Biology’s blind spot

Inflammation drives nearly every major disease, yet we’ve never been able to directly watch it progress in living tissue. These researchers are building the technologies to change that.

3d rendered image, enhanced scanning electron micrograph (SEM) of cancer cell. Visual of overall shape of the cell's surface at a very high magnification

Science has relied on dead tissue for a long, long time. The dominant techniques for measuring proteins and molecules require biological tissue to be frozen, fixed, or otherwise destroyed. Researchers slice, stain, probe, and sequence it to read the results. 

This practice is extraordinarily powerful, and has shaped our understanding of living systems and advanced countless medical therapies. Yet working with frozen or fixed tissue captures only static snapshots of biology, a moment in time.

Inflammation –  a key driver of deadly diseases, including cancer and heart disease – is not a single moment. It is a dynamic process that begins with subtle molecular signals, unfolds over hours to months, and involves cascading waves of immune activity. When this process becomes dysregulated, it leads to chronic inflammation and tissue damage, processes that remain, for now, invisible to science. Autoimmune and chronic inflammatory diseases are notoriously difficult to diagnose and treat in part because researchers have never been able to observe them unfold in molecular detail in real time. 

“This is one of the most significant gaps in the field. Spatiotemporal omics – the ability to sample biomolecules at different locations and times – has taken off over the last few years, but has remained incompatible with live tissue. Existing technologies allow us to look at snapshots, but never the full process.”

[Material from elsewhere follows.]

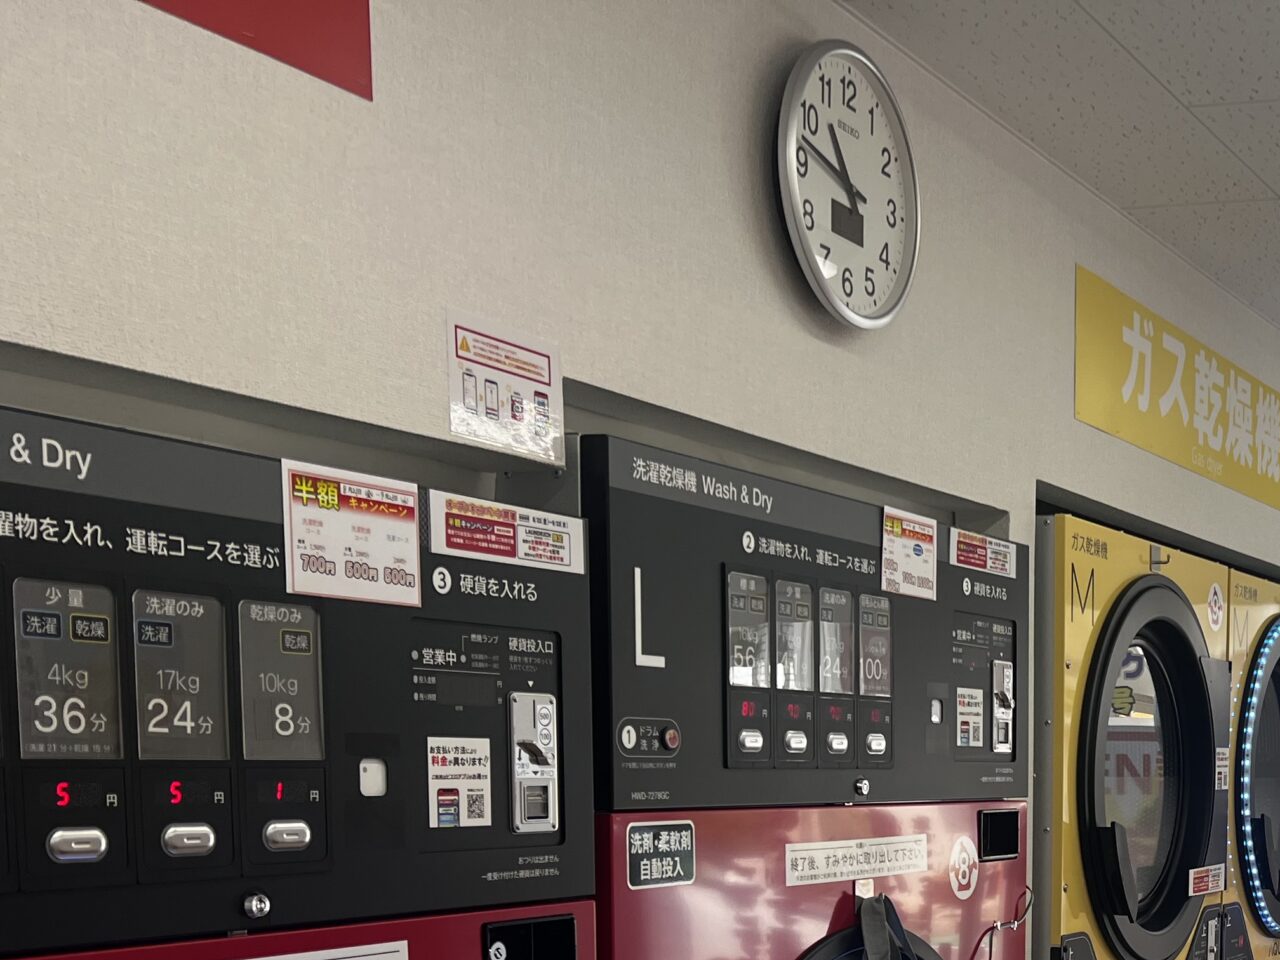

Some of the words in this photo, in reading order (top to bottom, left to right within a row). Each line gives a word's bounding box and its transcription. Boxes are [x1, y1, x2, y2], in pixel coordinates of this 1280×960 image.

Shana Kelley, president of Bioengineering and head of Biohub, Chicago

There is a reason for this gap: The challenge of studying living tissue is genuine. Unlike a frozen sample, live tissue requires oxygen and nutrients and has minimal tolerance for intrusions. Probe a piece of tissue or cell too hard, and one changes the very thing being measured. 

So when Biohub put out a funding call to develop technologies for spatiotemporal omics in living tissue, many scientists wrote back to say it was impossible. 

Kelley took that as a good sign. At Biohub, high-risk/high-reward science isn’t a liability; it’s the whole idea. Through funding opportunities like this and at Biohub research centers in San Francisco, Chicago, and New York City, scientists are explicitly encouraged to pursue difficult, rate-limiting challenges in biology in order to have the greatest impact on human health and disease. 

Drawn from bioengineering, chemistry, immunology, and computation, 15 teams were chosen for proposing compelling, novel platforms that address key technical barriers to spatiotemporal omics, and demonstrate relevance to inflammation, immune regulation, and autoimmune disease models. These teams are now developing a new generation of technologies for minimally invasive, real-time molecular profiling of living tissues. The cutting-edge tools will measure not just where proteins and metabolites are, but when they appear, how they shift, and what their dynamics reveal about inflammation and disease.

The funded projects are strikingly diverse in approach. At the Broad Institute, Paul Blainey and colleagues are engineering T cells inside human tissue explants to continuously report their own molecular activity – a kind of self-narrating biology. 

Brent Stockwell at Columbia University is building a platform for real-time lipidomic imaging of inflamed skin, creating a framework for observing, modeling, and reprogramming metabolic pathways and inflammation.

At the University of Oxford, Molly Stevens is developing a real-time, live-tissue analysis platform that layers Raman imaging – an approach for label-free chemical imaging – with novel materials and AI-driven analysis to simultaneously survey the proteome and metabolome of living tissue.

Collectively, these 15 projects form an interconnected portfolio, designed so that a nanoneedle sampling platform developed in London can inform the development of a microneedle proteomic sensor in Boston, and a DNA molecular tomography technique in Chicago can be validated using computational tools built across the network. The goal isn’t just new instruments. It’s a whole new way to measure the immune system in motion.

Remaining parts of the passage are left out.